# Magic Lantern on the 6D



## cheeseheadsaint (Sep 23, 2015)

Hi guys! I've long heard about the wonders of magic lantern but have never gathered up the courage to risk bricking my camera until now. I'm trying to do more video and the lack of focus peaking has definitely made Magic Lantern more appealing.

I'm reading around but still confused. Websites recommend only downloading the stable version but on Magic Lantern's website, I cannot tell which one is the stable version -there is just a link to the nightly builds. Also the nightly builds are for the newest firmware update 1.16, and my 6D has 1.13. Would it be safer for me to download the latest nightly build for the 1.13 or should i update to 1.16? if so, how do I know which one is the stable one?

Also, whats a good memory card for least problems with Magic Lantern?

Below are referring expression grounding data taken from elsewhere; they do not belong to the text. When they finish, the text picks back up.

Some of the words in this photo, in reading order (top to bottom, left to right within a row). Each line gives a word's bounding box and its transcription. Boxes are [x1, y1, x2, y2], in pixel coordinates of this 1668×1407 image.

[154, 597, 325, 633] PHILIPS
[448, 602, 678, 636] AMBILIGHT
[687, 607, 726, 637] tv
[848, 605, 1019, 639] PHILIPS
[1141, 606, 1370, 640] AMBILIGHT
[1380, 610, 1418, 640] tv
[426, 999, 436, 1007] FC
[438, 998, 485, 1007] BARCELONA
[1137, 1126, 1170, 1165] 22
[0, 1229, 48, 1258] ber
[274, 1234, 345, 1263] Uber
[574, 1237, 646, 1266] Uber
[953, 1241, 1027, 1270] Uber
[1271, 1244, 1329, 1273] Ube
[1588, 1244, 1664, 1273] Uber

Finally, what are good practices with using Magic Lantern? I'm just reading a lot right now, and randomly finding out that you should turn off the auto sensor cleaning function and use Magic Lantern on a user custom mode -are there any other tips like these that I should be mindful of?

Thank you for your time!


----------



## cayenne (Sep 23, 2015)

cheeseheadsaint said:


> Hi guys! I've long heard about the wonders of magic lantern but have never gathered up the courage to risk bricking my camera until now. I'm trying to do more video and the lack of focus peaking has definitely made Magic Lantern more appealing.
> 
> I'm reading around but still confused. Websites recommend only downloading the stable version but on Magic Lantern's website, I cannot tell which one is the stable version -there is just a link to the nightly builds. Also the nightly builds are for the newest firmware update 1.16, and my 6D has 1.13. Would it be safer for me to download the latest nightly build for the 1.13 or should i update to 1.16? if so, how do I know which one is the stable one?
> 
> ...



I don't know about the 6D...but I am, hoping to try to put ML on my 5D3 this weekend.
Yes, their site is a bit hard to navigate for a noob. I basically spent a couple weeks ago, reading all 57 pages of the main ML 5D3 forum (they do seem to have special threads for each camera).

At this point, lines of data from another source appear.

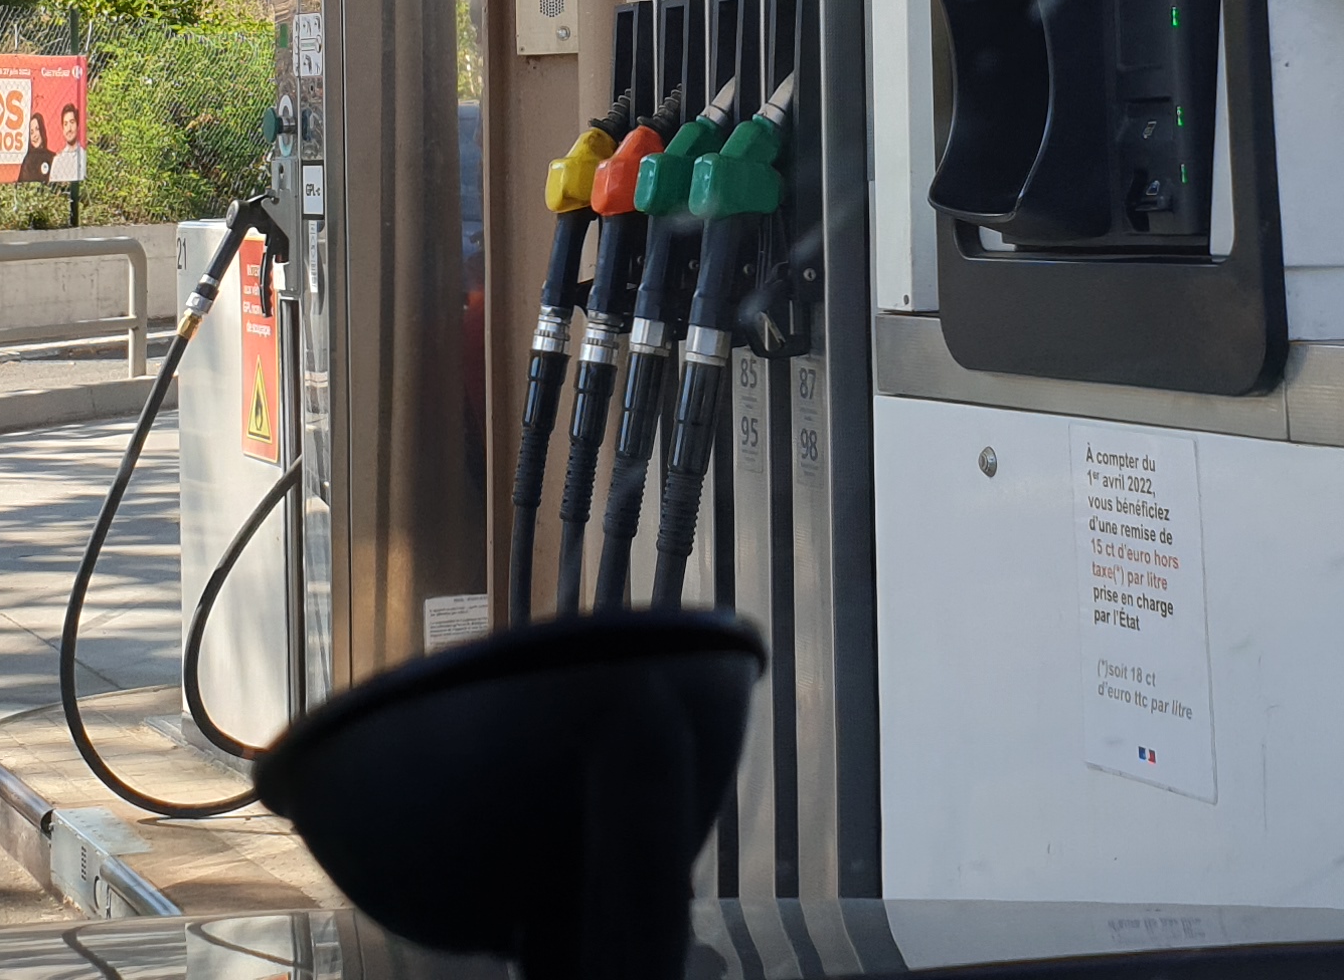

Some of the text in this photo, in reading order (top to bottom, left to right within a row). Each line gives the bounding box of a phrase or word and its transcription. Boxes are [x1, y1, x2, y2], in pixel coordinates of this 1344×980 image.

[176, 236, 187, 271] 21
[740, 357, 758, 389] 85
[798, 367, 817, 400] 87
[740, 415, 759, 448] 95
[799, 428, 819, 462] 98
[1085, 442, 1156, 473] À compter du
[1102, 473, 1125, 491] avril
[1126, 475, 1156, 498] 2022,
[1087, 495, 1170, 522] vous bénéficiez
[1120, 522, 1157, 543] remise
[1159, 526, 1173, 546] de
[1090, 537, 1103, 555] 15
[1105, 541, 1116, 558] ct
[1153, 548, 1180, 570] hors
[1127, 570, 1144, 588] par
[1146, 570, 1168, 592] litre
[1093, 584, 1174, 619] prise en charge
[1094, 608, 1111, 626] par
[1130, 665, 1143, 684] 18
[1145, 671, 1156, 688] ct
[1134, 689, 1149, 709] ttc
[1150, 696, 1170, 715] par
[1171, 699, 1193, 721] litre
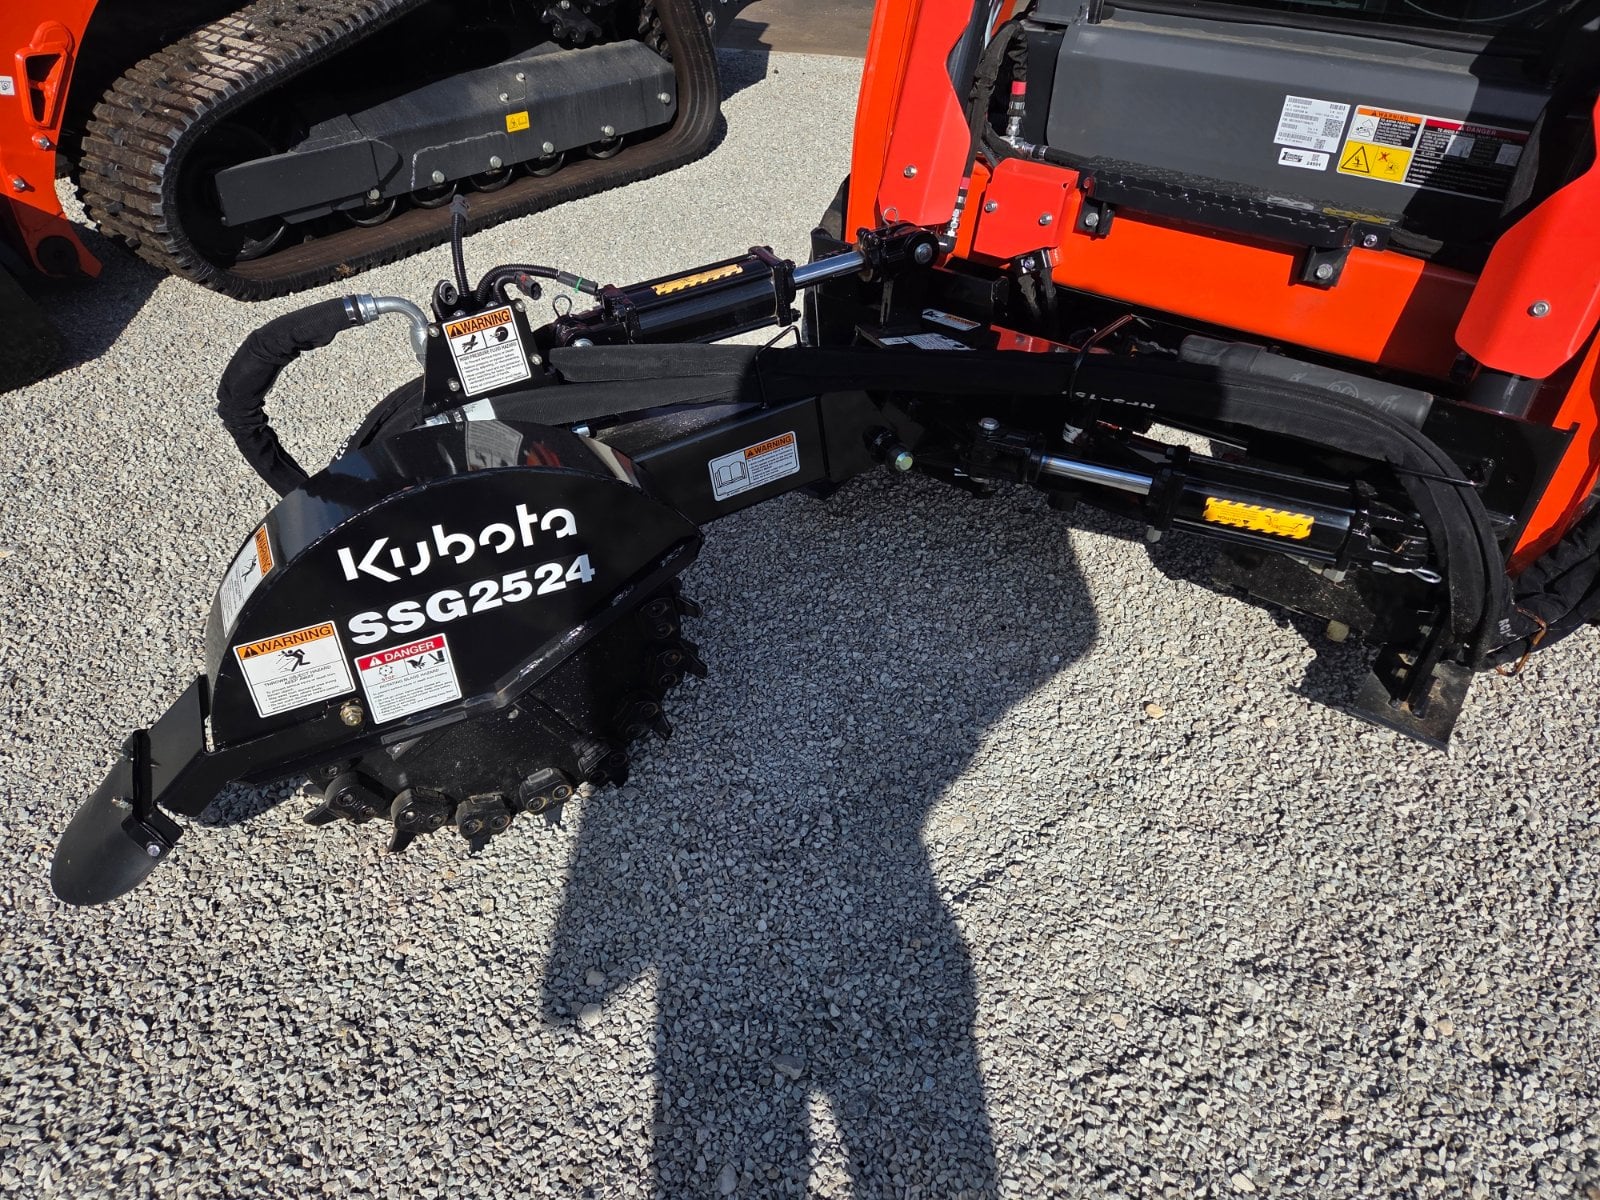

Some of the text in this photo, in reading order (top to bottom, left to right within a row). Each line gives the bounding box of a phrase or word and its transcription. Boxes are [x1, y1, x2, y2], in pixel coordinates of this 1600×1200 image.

[1466, 126, 1497, 136] DANGER
[460, 310, 510, 333] WARNING
[754, 435, 792, 455] WARNING
[337, 503, 577, 582] Kubota
[348, 554, 595, 644] SSG2524
[256, 626, 331, 652] WARNING
[384, 641, 434, 662] DANGER
[381, 674, 395, 682] STOP

I'd recommend investing the time in that, for your 6D. It will give you an idea of where it came from up to where it is now.

As for the 5D3....they abandoned the "stable" moniker long ago, and the nightly pretty much ARE the stable versions from what I gather.

There are threads on there where they rate the best memory cards, does the 6D use CR or SD cards? How many slots does it have?

I'm planning to put ML on my SD card and use my CF card only for video/stills capturing...I'm primarily wanting to do ML so I can shoot full blow RAW video.

I'd say take a read of the install manual:
http://wiki.magiclantern.fm/install

http://wiki.magiclantern.fm/userguide

And the downloads page:
http://builds.magiclantern.fm/#/

The main thing seems to be, make sure you have the right canon firmware version to coincide with the proper ML version.

I'm not that worried about bricking the camera, although anytime you mess with firmware, that is a risk, but you could brick it if things went wrong with a canon firmware update if it stopped in the wrong place. So, one of the main warnings is to have a genuine Canon battery, fully charged..so that you don't lose power in the middle of things.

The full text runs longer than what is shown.